Pernikahan Tersembunyi: My Imperfect CEO

Berbuat Jahat



Berbuat Jahat

0"Jenny, bangun!" kata Aiden sambil mengetuk pintu kamar Jenny.     

"Ini masih pagi. Aku masih mengantuk!" dalam keadaan masih setengah tidur, Jenny mengambil sebuah bantal untuk menutupi kepalanya dan ia kembali memejamkan matanya.     

"Ini sudah jam 10. Mana mau Kak Jonathan memiliki istri yang malas seperti kamu. Kamu pasti akan ditolaknya!" Anya yang berada di depan pintu kamar Jenny berkata dengan sabar.     

Jenny terdiam sejenak dan kemudian langsung membuka matanya. Ia langsung bangkit berdiri dari tempat tidurnya dan menghempaskan selimut yang ia kenakan. Sebelum ia sempat memakai sandalnya, ia langsung berlari ke arah pintu dengan kaki telanjang dan membuka pintu. Wajahnya terlihat penuh semangat dan antisipasi. "Bibi, apakah kakek sudah menyetujui hubunganku dengan Jonathan?"     

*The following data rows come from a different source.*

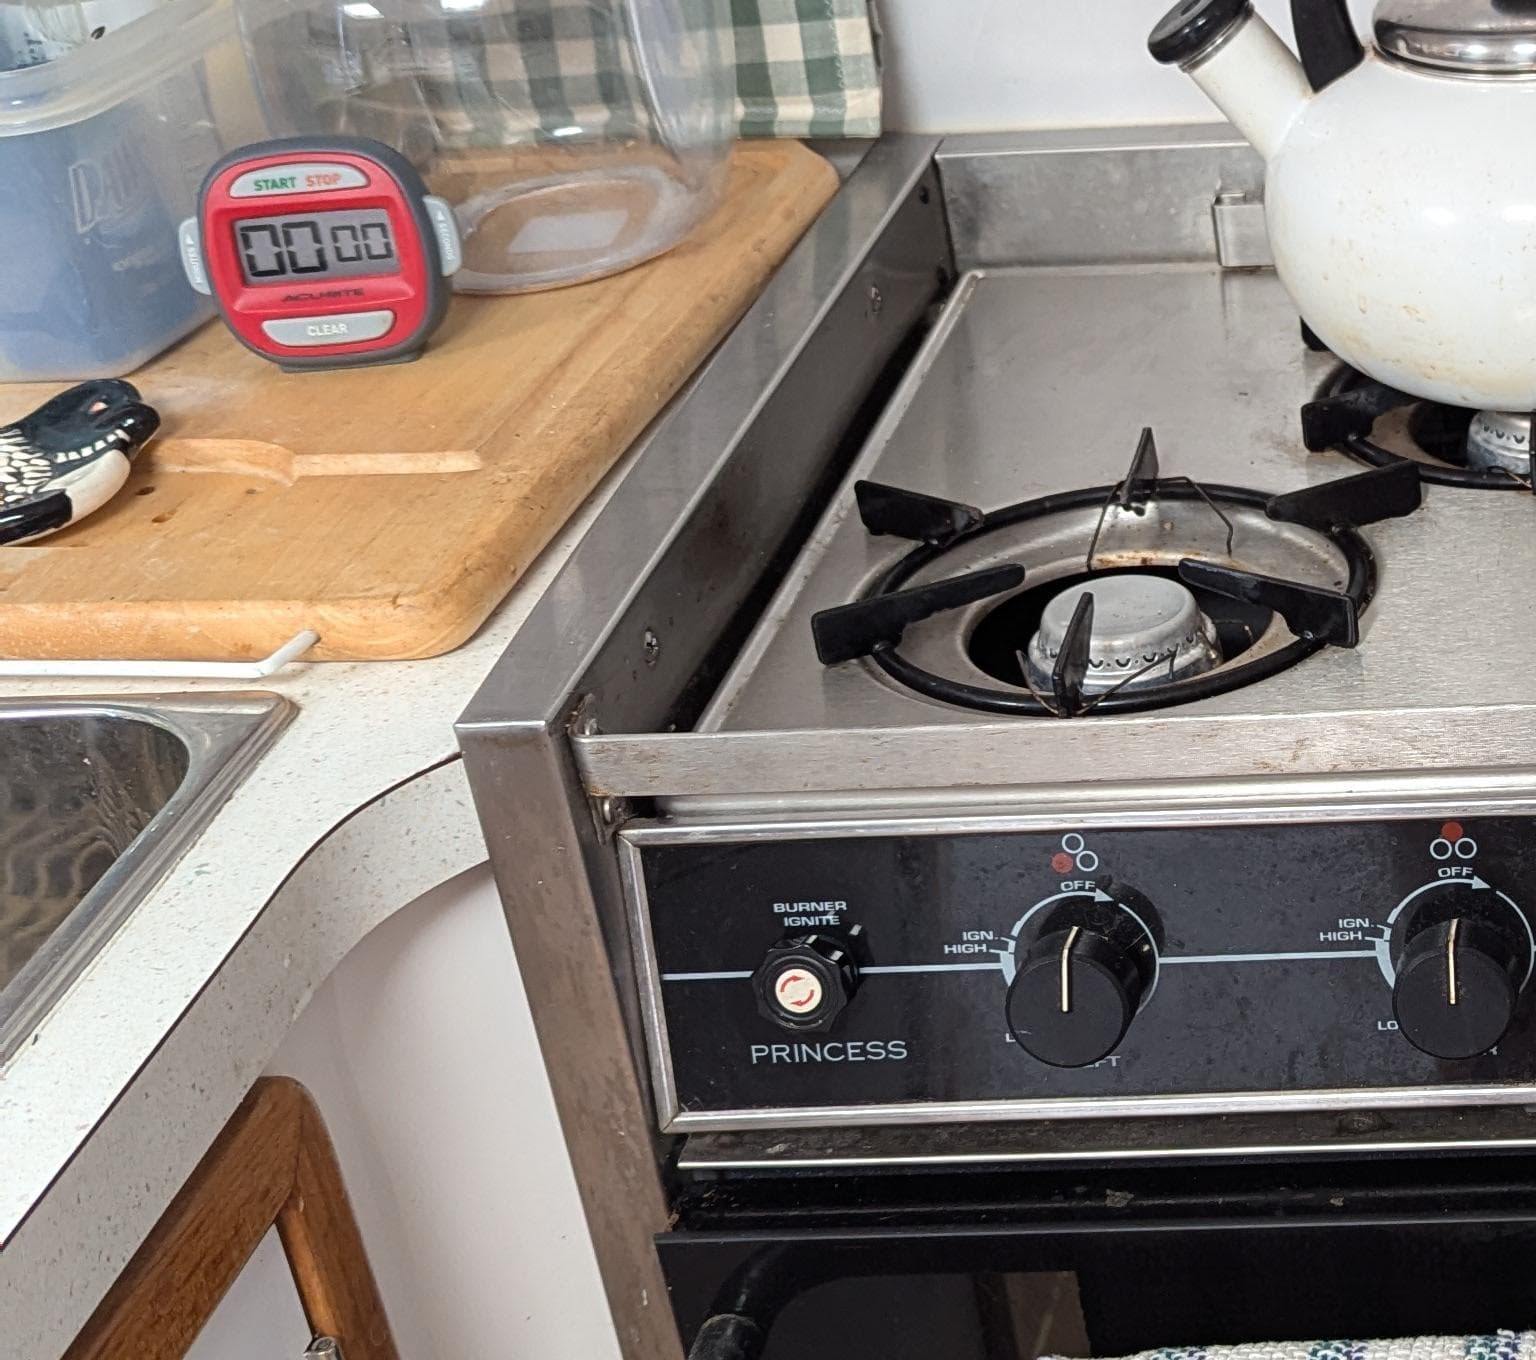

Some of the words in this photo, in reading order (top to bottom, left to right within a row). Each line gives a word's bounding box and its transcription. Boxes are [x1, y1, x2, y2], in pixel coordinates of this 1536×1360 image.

[254, 176, 297, 191] START
[305, 173, 343, 187] STOP
[307, 323, 349, 337] CLEAR
[1438, 866, 1474, 878] OFF
[1060, 880, 1096, 892] OFF
[773, 901, 848, 913] BURNER
[784, 915, 841, 927] IGNITE
[1338, 917, 1375, 929] IGN.
[962, 930, 998, 943] IGN.
[1319, 930, 1363, 941] HIGH
[944, 943, 987, 955] HIGH
[1377, 1020, 1399, 1031] LO
[751, 1041, 908, 1064] PRINCESS
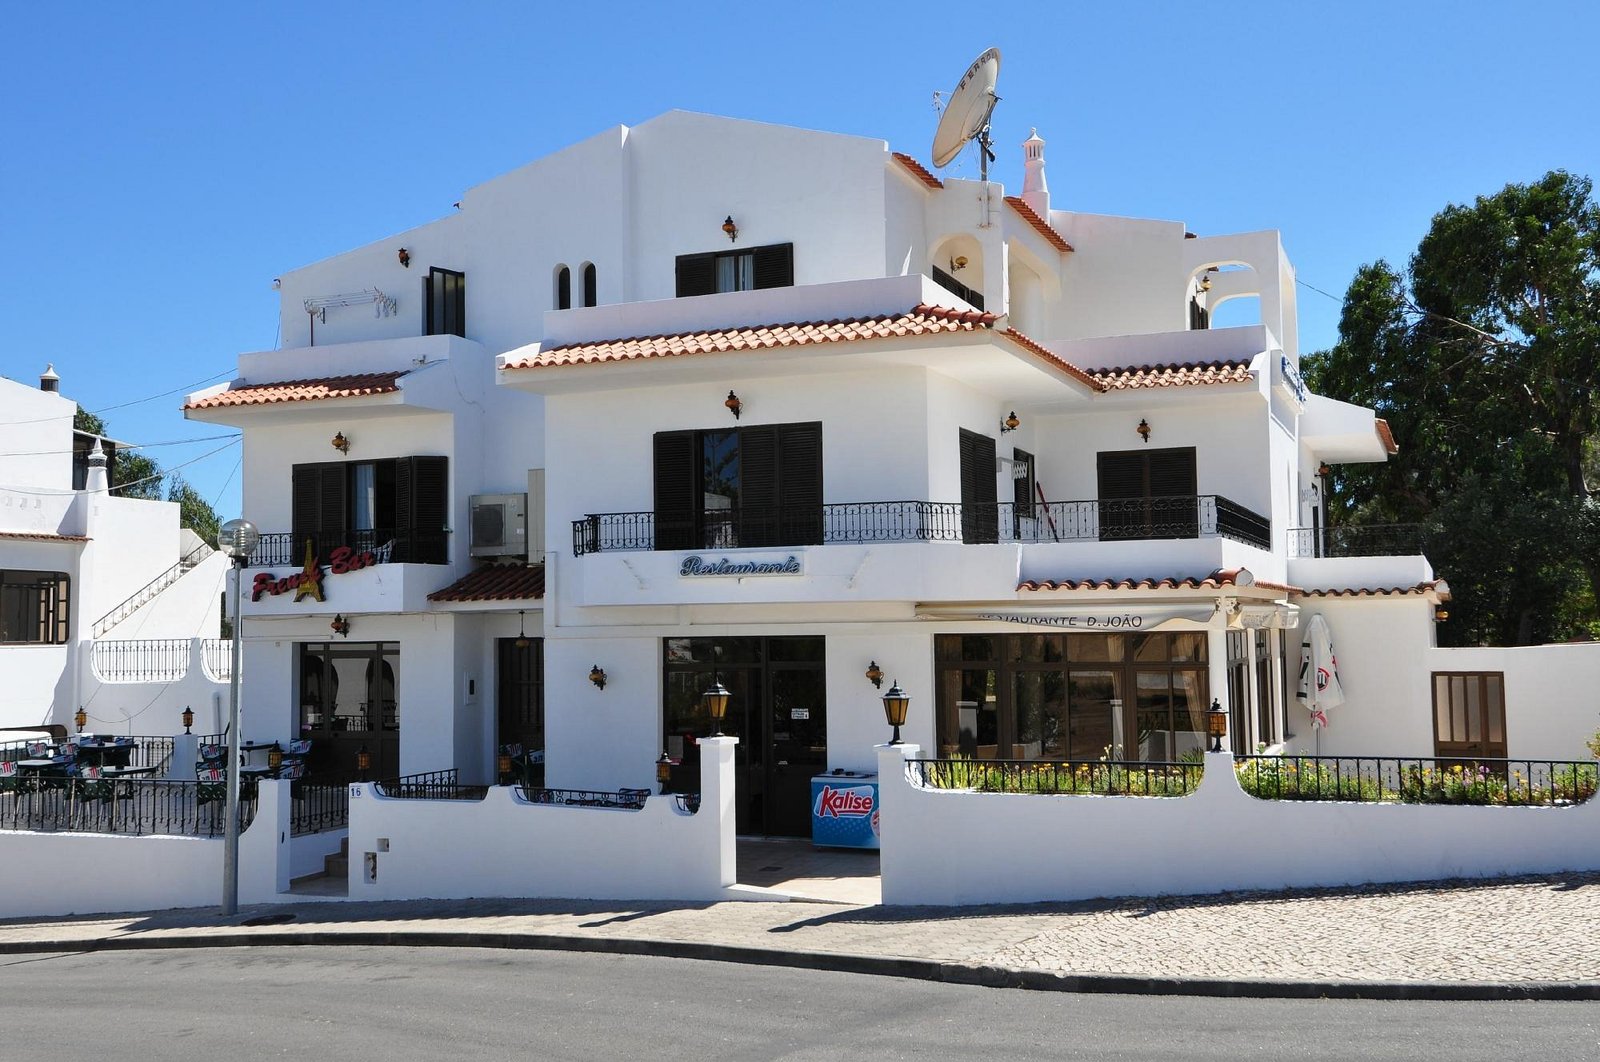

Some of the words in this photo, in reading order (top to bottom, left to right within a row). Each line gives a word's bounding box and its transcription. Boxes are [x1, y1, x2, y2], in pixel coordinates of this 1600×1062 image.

[329, 546, 376, 574] Bar
[680, 556, 800, 576] Restaurante
[351, 787, 361, 797] 16
[819, 786, 874, 818] Kalise
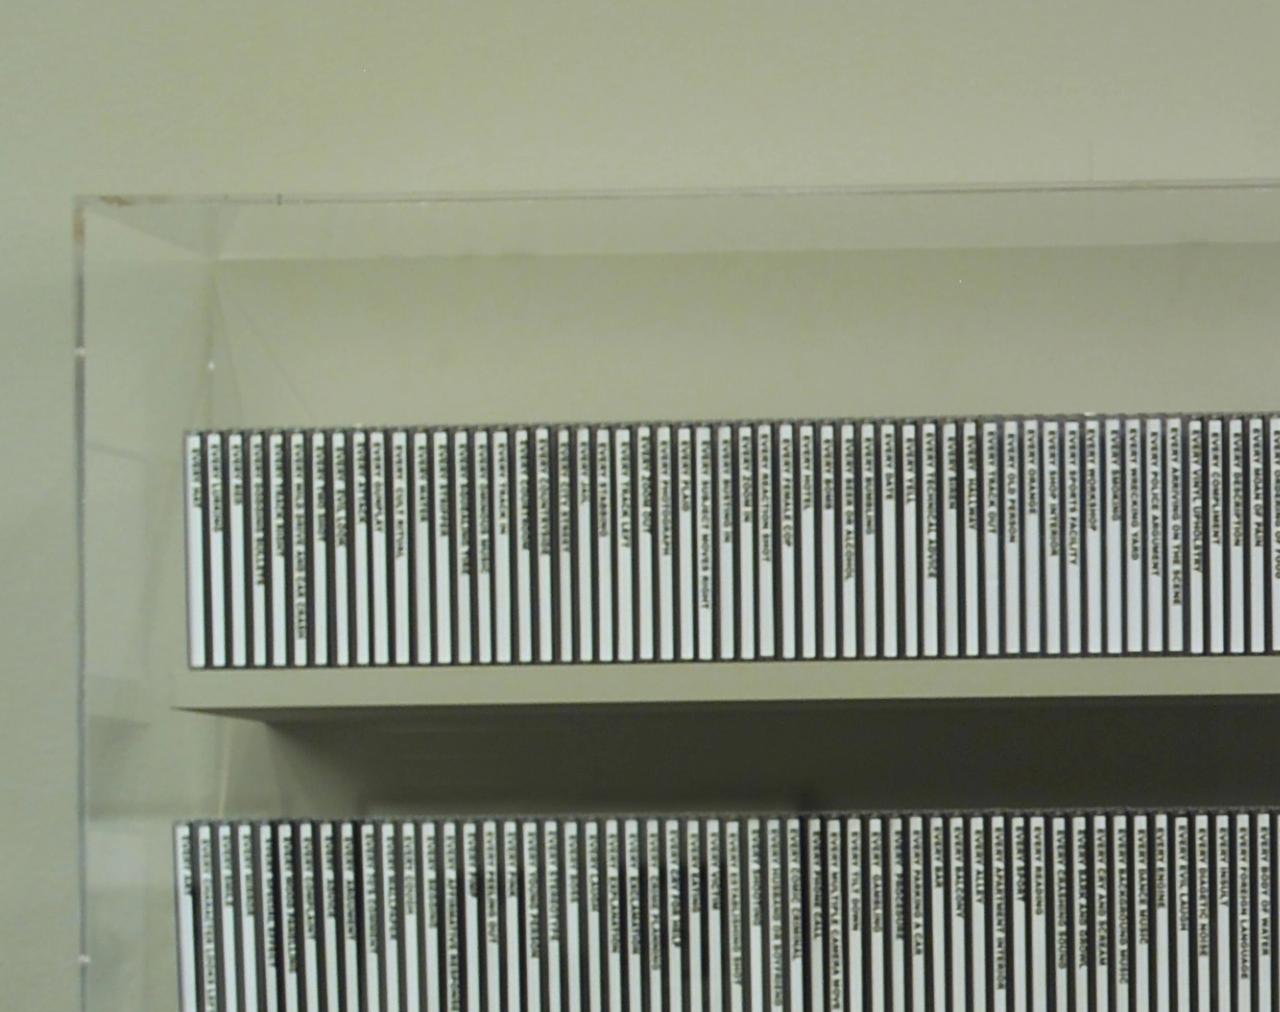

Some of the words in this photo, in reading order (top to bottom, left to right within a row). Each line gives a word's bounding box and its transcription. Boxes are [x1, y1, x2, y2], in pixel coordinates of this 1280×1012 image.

[372, 441, 382, 477] EVERY
[620, 441, 630, 476] EVERY
[1150, 430, 1159, 467] EVERY
[1150, 470, 1159, 511] POLICE
[1150, 514, 1160, 576] ARGUMENT
[932, 827, 942, 862] EVERY

Aiden memandang Jenny yang rambutnya masih berantakan seperit sarang burung. "Apakah kamu segitu tidak sabarnya untuk menikah dengan Jonathan? Ia tidak sebaik itu."     

"Iya, aku sudah tidak sabar. Jonathan adalah pria yang terbaik di dunia ini," Jenny terlihat dimabuk cinta. "Jadi, apakah kakek sudah berubah pikiran dan setuju dengan pernikahanku?"     

"Tidak," jawab Aiden dengan singkat,padat dan jelas.     

"Lalu, apa yang kalian lakukan?" senyum di wajah Jenny langsung menghilang seketika dan ia kembali ke posturnya yang malas.     

Aiden hendak menegur keponakannya itu. Tetapi saat melihat suasana yang menegangkan, Anya langsung melangkah maju dan tersenyum, menghalangi suaminya untuk berbicara. "Jenny, dua hari lalu, kamu ingin makan croissant isi stroberi, kan? Aku minta tolong pada pamanmu untuk membelikannya. Ayo bangun dan sarapan. Nanti kamu sakit kalau tidak sarapan."     

Jenny mengeluh dan memeluk lengan Anya. "Bibi sangat baik padaku! Bibi, aku sangat bosan di rumah. Apa lagi yang bisa aku lakukan selain tidur. Aku ingin pergi shopping bersama dengan Tiara, tetapi kakek tidak mengijinkanku keluar rumah. Aku tidak ingin tinggal di rumah lagi. Tinggal di rumah ini membuatku tercekik."     

Jenny mengeluh pada Anya, tetapi sebenarnya diam-diam ia melirik ke arah Aiden dan meminta tolong padanya.     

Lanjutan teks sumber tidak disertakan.